Их машина, спрятавшись от участников движения, стояла в тени деревьев.
Приглашая меня в автомобиль и сам устраиваясь, гаишник сказал напарнику:
— Петя, надо даме помочь.
— Надо так надо, — спокойно ответил Петя и закрыл портативный компьютер, на котором раскладывал пасьянс.
Только ленивый не ругал наших гаишников. Они, конечно, взяточники. Поборы на дорогах для
Максим говорит, что наша буйно цветущая коррупция и лихоимство в качестве морального равновесия, на другой чаше весов, имеют противоречащие законам человеколюбие и сострадание.
Мой муж много чего наговорил, а я всему верила.
Глава тринадцатая
Поздравление Президента
К Майкиному подъезду я подкатила на милицейской машине с мигалками на крыше. Заплатить милиционерам не жалко, но стоит ли портить благой поступок несколькими купюрами? Раздумывать было некогда, поэтому спросила прямо:
— Что-либо вам должна?
— Иди уж, отелла в юбке, — перегнувшись через меня, дернул за рычажок и раскрыл дверь гаишник.
А второй, Петя, сказал на прощание:
— С Новым годом!
— Спасибо, ребята! Пусть вам повезет!
Они не уехали, пока я не вошла в парадное. В Майкину квартиру не звонила, имелись ключи. Майка живет на третьем этаже. Ступеньки, которые я преодолевала, были сродни дороге на Голгофу.
Перед дверью застыла. Вдруг возник вопрос: «А зачем ты хочешь испортить праздник любимой подруге и не менее любимому мужу? В прошлом любимым».
И тут в соседней квартире грохнул мощный хохот: женские, детские, мужские голоса, сливаясь и резонируя, взорвались, покатились радостным цунами, чуть дверь не вышибли.

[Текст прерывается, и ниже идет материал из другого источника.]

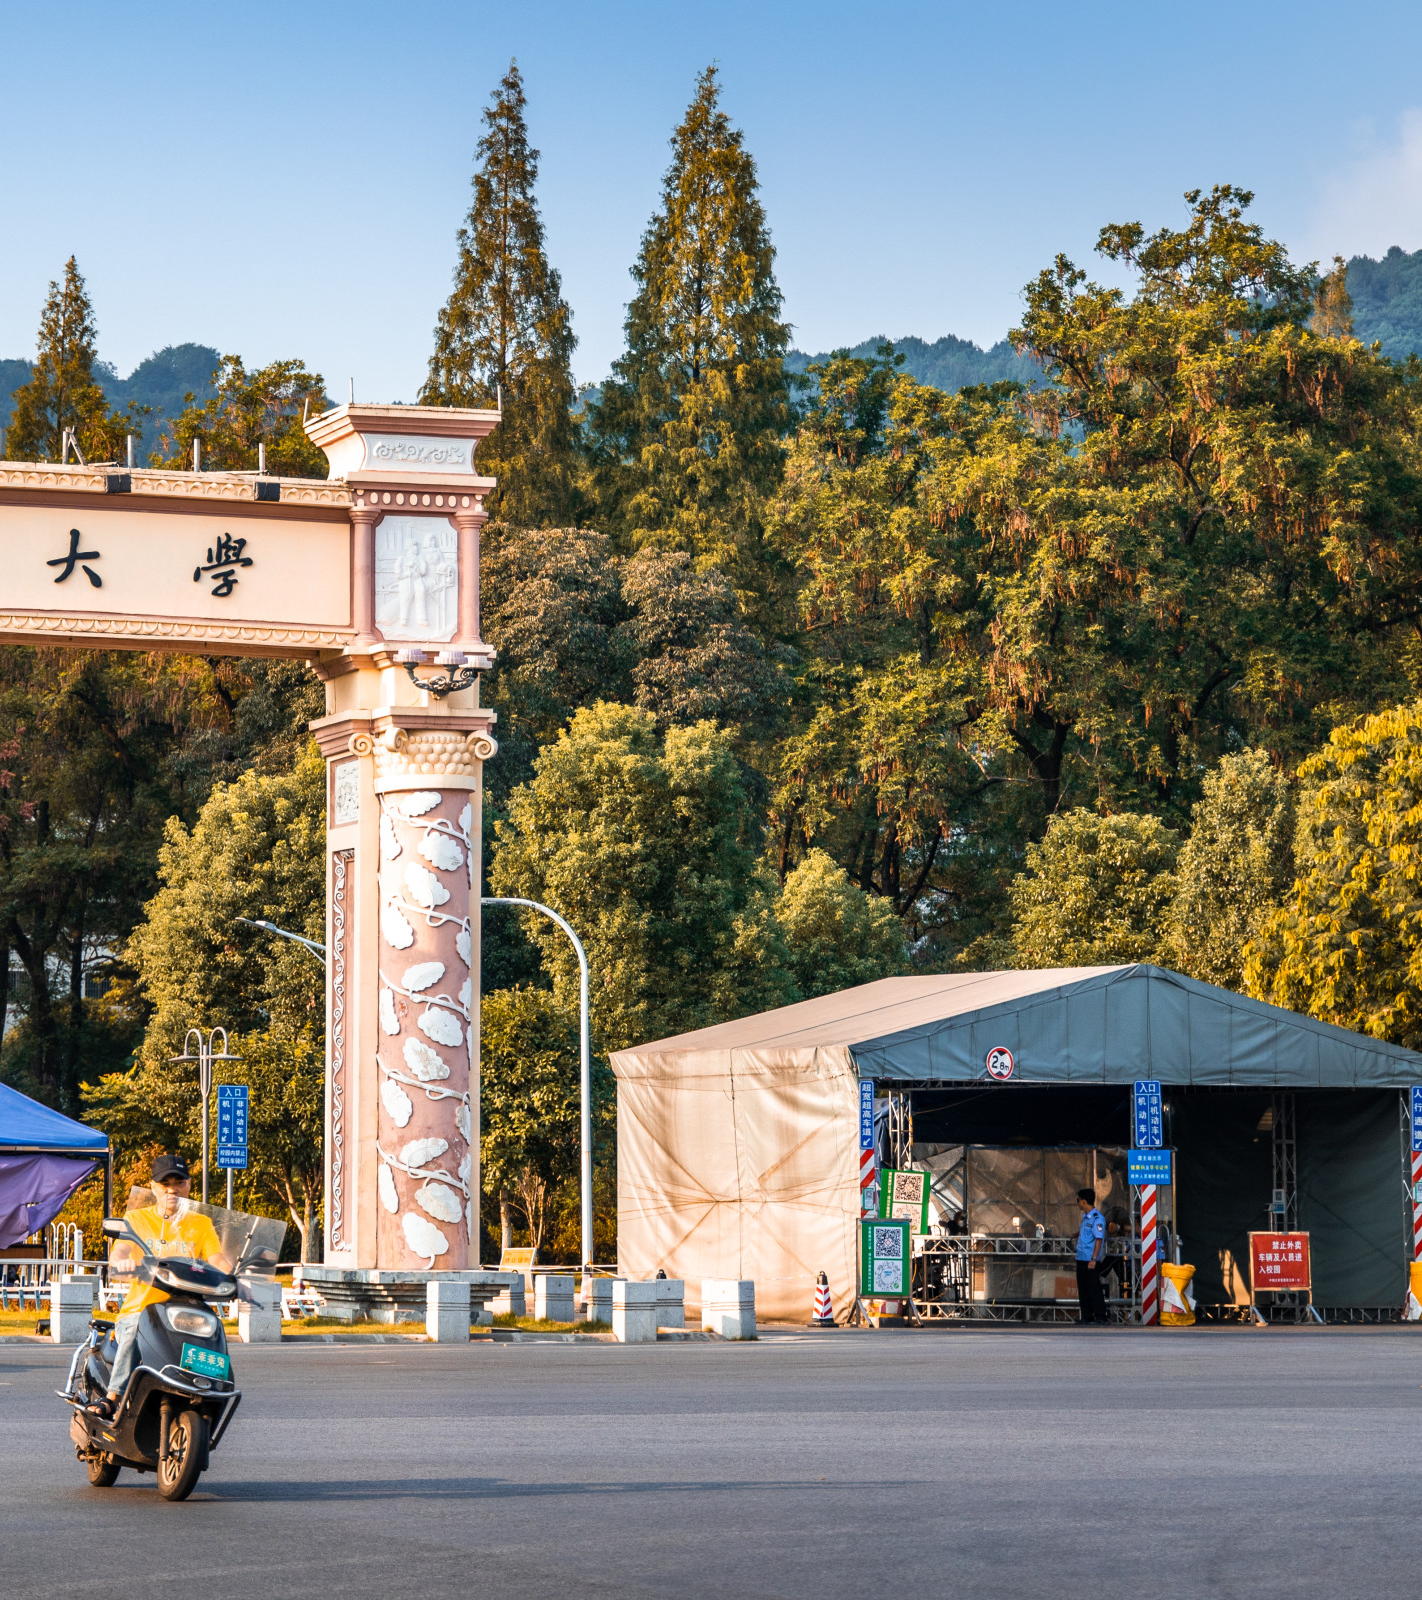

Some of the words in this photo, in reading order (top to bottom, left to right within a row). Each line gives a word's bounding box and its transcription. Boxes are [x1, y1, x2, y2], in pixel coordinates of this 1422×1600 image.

Все счастливы, одна я — не пришей кобыле хвост? Врете! Живой не дамся, меня не растоптать.
Давила на кнопку звонка, пока не выскочила Майка.
Одета во что-то фиолетовое, обильно усыпанное блестками. Прическа «магазинная» (так прежде мы называли результат усилий парикмахерш), макияж — парадный. И ничуточки: ни грана, ни штриха, ни намека — на раскаяние, сожаление или проглоченный позор.
Счастливая морда. Тянет меня в квартиру, целует, обдает запахом духов, которые я подарила ей в прошлый Новый год, стаскивает с меня полушубок и при этом восклицает, повторяясь и «а»-кая.
— А я говорила, говорила. А они не верили, сомневались. А ты приехала, а ты приехала. А как я волновалась, никто не знал, а все видели. Ой, Лидусенька, а я верила, а ты не подвела, а как я боялась! А у нас — как на похоронах. Саша давно просит за старый год выпить, а я не разрешала без тебя, а год уже кончается. Лидочка, прости меня, но я Максу обещала молчать. А он жил у меня все это время. А ты пришла, помнишь, хотела шаль напонос из шкафа достать, а я только-только успела вещи туда Макса затолкать.